*Record set:*
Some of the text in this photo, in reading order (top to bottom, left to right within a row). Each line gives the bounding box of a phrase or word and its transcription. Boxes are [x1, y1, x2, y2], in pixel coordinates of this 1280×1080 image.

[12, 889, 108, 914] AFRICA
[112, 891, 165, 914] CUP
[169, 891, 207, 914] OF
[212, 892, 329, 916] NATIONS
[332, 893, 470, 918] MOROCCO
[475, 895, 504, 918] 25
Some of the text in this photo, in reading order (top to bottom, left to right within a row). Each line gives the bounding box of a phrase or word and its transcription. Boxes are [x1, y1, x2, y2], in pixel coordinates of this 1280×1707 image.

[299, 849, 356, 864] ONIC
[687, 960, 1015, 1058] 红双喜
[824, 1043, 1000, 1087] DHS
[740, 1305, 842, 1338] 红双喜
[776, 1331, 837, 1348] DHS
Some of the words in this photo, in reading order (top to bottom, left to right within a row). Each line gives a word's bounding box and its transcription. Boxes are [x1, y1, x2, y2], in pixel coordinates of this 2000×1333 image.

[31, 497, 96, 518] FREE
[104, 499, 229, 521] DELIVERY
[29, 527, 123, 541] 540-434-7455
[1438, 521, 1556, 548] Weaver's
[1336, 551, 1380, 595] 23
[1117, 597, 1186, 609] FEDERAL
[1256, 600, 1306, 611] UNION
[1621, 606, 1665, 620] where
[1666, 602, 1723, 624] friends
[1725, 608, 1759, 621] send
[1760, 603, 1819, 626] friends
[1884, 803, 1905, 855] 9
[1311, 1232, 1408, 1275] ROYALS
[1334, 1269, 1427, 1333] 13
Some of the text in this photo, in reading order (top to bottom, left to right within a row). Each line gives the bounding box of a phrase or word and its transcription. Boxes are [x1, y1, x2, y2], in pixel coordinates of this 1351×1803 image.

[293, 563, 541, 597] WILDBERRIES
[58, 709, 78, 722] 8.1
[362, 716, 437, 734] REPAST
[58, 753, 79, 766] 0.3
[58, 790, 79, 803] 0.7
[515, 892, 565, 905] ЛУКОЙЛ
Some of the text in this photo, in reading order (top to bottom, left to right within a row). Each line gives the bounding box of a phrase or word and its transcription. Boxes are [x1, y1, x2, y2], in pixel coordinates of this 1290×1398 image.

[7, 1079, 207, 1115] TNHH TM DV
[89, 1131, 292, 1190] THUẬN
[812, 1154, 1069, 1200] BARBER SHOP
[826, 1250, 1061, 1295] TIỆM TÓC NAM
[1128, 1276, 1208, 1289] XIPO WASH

*Task to complete:* Respond with an exact reproduction of the lines running from the one that contains "this 1290×1398 image." through the end of the material.

*Answer box:*
Some of the text in this photo, in reading order (top to bottom, left to right within a row). Each line gives the bounding box of a phrase or word and its transcription. Boxes are [x1, y1, x2, y2], in pixel coordinates of this 1290×1398 image.

[7, 1079, 207, 1115] TNHH TM DV
[89, 1131, 292, 1190] THUẬN
[812, 1154, 1069, 1200] BARBER SHOP
[826, 1250, 1061, 1295] TIỆM TÓC NAM
[1128, 1276, 1208, 1289] XIPO WASH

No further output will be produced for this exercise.